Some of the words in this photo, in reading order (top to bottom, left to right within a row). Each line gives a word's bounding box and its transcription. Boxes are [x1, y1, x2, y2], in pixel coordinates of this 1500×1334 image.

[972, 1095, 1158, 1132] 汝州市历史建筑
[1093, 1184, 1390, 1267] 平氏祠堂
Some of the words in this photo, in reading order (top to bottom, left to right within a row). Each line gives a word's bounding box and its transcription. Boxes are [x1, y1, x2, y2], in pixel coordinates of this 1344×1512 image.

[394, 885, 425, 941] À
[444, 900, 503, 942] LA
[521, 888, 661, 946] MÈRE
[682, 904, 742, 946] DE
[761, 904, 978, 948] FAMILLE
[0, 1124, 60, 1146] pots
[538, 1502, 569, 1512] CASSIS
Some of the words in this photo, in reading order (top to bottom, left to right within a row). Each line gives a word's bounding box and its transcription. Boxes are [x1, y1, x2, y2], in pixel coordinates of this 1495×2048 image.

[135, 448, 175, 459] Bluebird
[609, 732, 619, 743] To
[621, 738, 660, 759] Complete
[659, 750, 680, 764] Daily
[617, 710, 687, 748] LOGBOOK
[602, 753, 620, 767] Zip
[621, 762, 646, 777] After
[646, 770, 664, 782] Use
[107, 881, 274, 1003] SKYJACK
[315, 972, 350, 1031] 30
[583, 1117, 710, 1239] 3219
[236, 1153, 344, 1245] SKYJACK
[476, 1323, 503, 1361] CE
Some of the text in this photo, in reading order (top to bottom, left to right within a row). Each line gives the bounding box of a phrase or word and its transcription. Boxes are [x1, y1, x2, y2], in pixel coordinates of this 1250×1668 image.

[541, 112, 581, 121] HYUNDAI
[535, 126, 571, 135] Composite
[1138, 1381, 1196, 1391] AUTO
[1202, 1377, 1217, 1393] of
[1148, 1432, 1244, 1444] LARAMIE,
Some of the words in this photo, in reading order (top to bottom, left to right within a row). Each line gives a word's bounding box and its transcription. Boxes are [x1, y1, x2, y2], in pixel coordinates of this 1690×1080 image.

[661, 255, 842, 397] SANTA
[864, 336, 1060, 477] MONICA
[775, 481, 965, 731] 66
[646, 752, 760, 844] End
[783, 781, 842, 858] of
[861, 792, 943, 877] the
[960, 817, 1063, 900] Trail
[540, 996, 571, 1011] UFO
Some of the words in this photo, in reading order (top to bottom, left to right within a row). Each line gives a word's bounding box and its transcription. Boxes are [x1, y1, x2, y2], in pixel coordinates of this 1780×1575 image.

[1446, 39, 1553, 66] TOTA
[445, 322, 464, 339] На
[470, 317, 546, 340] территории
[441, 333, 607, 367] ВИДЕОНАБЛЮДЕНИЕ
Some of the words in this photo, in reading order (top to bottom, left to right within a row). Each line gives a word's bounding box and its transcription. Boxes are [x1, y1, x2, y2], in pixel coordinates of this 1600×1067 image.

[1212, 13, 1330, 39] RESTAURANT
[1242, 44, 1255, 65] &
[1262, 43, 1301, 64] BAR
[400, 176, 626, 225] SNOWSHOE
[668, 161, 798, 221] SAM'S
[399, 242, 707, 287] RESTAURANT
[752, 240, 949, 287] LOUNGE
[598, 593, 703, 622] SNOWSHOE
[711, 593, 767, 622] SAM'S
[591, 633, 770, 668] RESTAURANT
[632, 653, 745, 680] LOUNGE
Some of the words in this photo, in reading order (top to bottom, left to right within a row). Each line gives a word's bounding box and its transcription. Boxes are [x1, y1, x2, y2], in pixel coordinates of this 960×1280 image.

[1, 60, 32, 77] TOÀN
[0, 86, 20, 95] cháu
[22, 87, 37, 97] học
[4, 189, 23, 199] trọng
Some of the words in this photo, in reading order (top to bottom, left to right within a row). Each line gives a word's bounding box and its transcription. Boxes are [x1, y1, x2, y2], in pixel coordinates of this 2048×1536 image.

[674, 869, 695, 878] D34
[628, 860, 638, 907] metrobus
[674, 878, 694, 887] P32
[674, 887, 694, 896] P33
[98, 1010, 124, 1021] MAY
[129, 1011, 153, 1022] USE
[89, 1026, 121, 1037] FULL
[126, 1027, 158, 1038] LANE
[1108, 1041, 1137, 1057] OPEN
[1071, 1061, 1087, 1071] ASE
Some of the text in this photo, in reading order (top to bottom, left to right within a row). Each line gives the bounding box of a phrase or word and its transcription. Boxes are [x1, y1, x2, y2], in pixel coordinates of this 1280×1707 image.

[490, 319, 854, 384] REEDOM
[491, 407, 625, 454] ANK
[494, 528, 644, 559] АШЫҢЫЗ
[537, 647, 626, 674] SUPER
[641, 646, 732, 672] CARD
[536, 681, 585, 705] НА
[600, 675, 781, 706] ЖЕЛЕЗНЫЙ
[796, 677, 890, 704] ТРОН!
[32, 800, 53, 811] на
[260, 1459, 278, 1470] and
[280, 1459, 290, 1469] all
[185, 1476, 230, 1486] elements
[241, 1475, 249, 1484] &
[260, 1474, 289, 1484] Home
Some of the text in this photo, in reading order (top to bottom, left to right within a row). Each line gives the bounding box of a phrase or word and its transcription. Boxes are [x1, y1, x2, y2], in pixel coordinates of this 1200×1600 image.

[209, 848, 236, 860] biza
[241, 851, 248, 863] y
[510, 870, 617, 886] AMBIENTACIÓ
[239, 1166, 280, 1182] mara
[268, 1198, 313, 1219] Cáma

■ ■ ■ ■ ■

**What needs to be done:**
Copy each record exactly, leaving nothing out.

**Your response:**
Some of the words in this photo, in reading order (top to bottom, left to right within a row). Each line gives a word's bounding box and its transcription. Boxes are [x1, y1, x2, y2], in pixel coordinates of this 1500×1334 image.

[972, 1095, 1158, 1132] 汝州市历史建筑
[1093, 1184, 1390, 1267] 平氏祠堂
Some of the words in this photo, in reading order (top to bottom, left to right within a row). Each line gives a word's bounding box and its transcription. Boxes are [x1, y1, x2, y2], in pixel coordinates of this 1344×1512 image.

[394, 885, 425, 941] À
[444, 900, 503, 942] LA
[521, 888, 661, 946] MÈRE
[682, 904, 742, 946] DE
[761, 904, 978, 948] FAMILLE
[0, 1124, 60, 1146] pots
[538, 1502, 569, 1512] CASSIS
Some of the words in this photo, in reading order (top to bottom, left to right within a row). Each line gives a word's bounding box and its transcription. Boxes are [x1, y1, x2, y2], in pixel coordinates of this 1495×2048 image.

[135, 448, 175, 459] Bluebird
[609, 732, 619, 743] To
[621, 738, 660, 759] Complete
[659, 750, 680, 764] Daily
[617, 710, 687, 748] LOGBOOK
[602, 753, 620, 767] Zip
[621, 762, 646, 777] After
[646, 770, 664, 782] Use
[107, 881, 274, 1003] SKYJACK
[315, 972, 350, 1031] 30
[583, 1117, 710, 1239] 3219
[236, 1153, 344, 1245] SKYJACK
[476, 1323, 503, 1361] CE
Some of the text in this photo, in reading order (top to bottom, left to right within a row). Each line gives the bounding box of a phrase or word and its transcription. Boxes are [x1, y1, x2, y2], in pixel coordinates of this 1250×1668 image.

[541, 112, 581, 121] HYUNDAI
[535, 126, 571, 135] Composite
[1138, 1381, 1196, 1391] AUTO
[1202, 1377, 1217, 1393] of
[1148, 1432, 1244, 1444] LARAMIE,
Some of the words in this photo, in reading order (top to bottom, left to right within a row). Each line gives a word's bounding box and its transcription. Boxes are [x1, y1, x2, y2], in pixel coordinates of this 1690×1080 image.

[661, 255, 842, 397] SANTA
[864, 336, 1060, 477] MONICA
[775, 481, 965, 731] 66
[646, 752, 760, 844] End
[783, 781, 842, 858] of
[861, 792, 943, 877] the
[960, 817, 1063, 900] Trail
[540, 996, 571, 1011] UFO
Some of the words in this photo, in reading order (top to bottom, left to right within a row). Each line gives a word's bounding box and its transcription. Boxes are [x1, y1, x2, y2], in pixel coordinates of this 1780×1575 image.

[1446, 39, 1553, 66] TOTA
[445, 322, 464, 339] На
[470, 317, 546, 340] территории
[441, 333, 607, 367] ВИДЕОНАБЛЮДЕНИЕ
Some of the words in this photo, in reading order (top to bottom, left to right within a row). Each line gives a word's bounding box and its transcription. Boxes are [x1, y1, x2, y2], in pixel coordinates of this 1600×1067 image.

[1212, 13, 1330, 39] RESTAURANT
[1242, 44, 1255, 65] &
[1262, 43, 1301, 64] BAR
[400, 176, 626, 225] SNOWSHOE
[668, 161, 798, 221] SAM'S
[399, 242, 707, 287] RESTAURANT
[752, 240, 949, 287] LOUNGE
[598, 593, 703, 622] SNOWSHOE
[711, 593, 767, 622] SAM'S
[591, 633, 770, 668] RESTAURANT
[632, 653, 745, 680] LOUNGE
Some of the words in this photo, in reading order (top to bottom, left to right within a row). Each line gives a word's bounding box and its transcription. Boxes are [x1, y1, x2, y2], in pixel coordinates of this 960×1280 image.

[1, 60, 32, 77] TOÀN
[0, 86, 20, 95] cháu
[22, 87, 37, 97] học
[4, 189, 23, 199] trọng
Some of the words in this photo, in reading order (top to bottom, left to right within a row). Each line gives a word's bounding box and its transcription. Boxes are [x1, y1, x2, y2], in pixel coordinates of this 2048×1536 image.

[674, 869, 695, 878] D34
[628, 860, 638, 907] metrobus
[674, 878, 694, 887] P32
[674, 887, 694, 896] P33
[98, 1010, 124, 1021] MAY
[129, 1011, 153, 1022] USE
[89, 1026, 121, 1037] FULL
[126, 1027, 158, 1038] LANE
[1108, 1041, 1137, 1057] OPEN
[1071, 1061, 1087, 1071] ASE
Some of the text in this photo, in reading order (top to bottom, left to right within a row). Each line gives the bounding box of a phrase or word and its transcription. Boxes are [x1, y1, x2, y2], in pixel coordinates of this 1280×1707 image.

[490, 319, 854, 384] REEDOM
[491, 407, 625, 454] ANK
[494, 528, 644, 559] АШЫҢЫЗ
[537, 647, 626, 674] SUPER
[641, 646, 732, 672] CARD
[536, 681, 585, 705] НА
[600, 675, 781, 706] ЖЕЛЕЗНЫЙ
[796, 677, 890, 704] ТРОН!
[32, 800, 53, 811] на
[260, 1459, 278, 1470] and
[280, 1459, 290, 1469] all
[185, 1476, 230, 1486] elements
[241, 1475, 249, 1484] &
[260, 1474, 289, 1484] Home
Some of the text in this photo, in reading order (top to bottom, left to right within a row). Each line gives the bounding box of a phrase or word and its transcription. Boxes are [x1, y1, x2, y2], in pixel coordinates of this 1200×1600 image.

[209, 848, 236, 860] biza
[241, 851, 248, 863] y
[510, 870, 617, 886] AMBIENTACIÓ
[239, 1166, 280, 1182] mara
[268, 1198, 313, 1219] Cáma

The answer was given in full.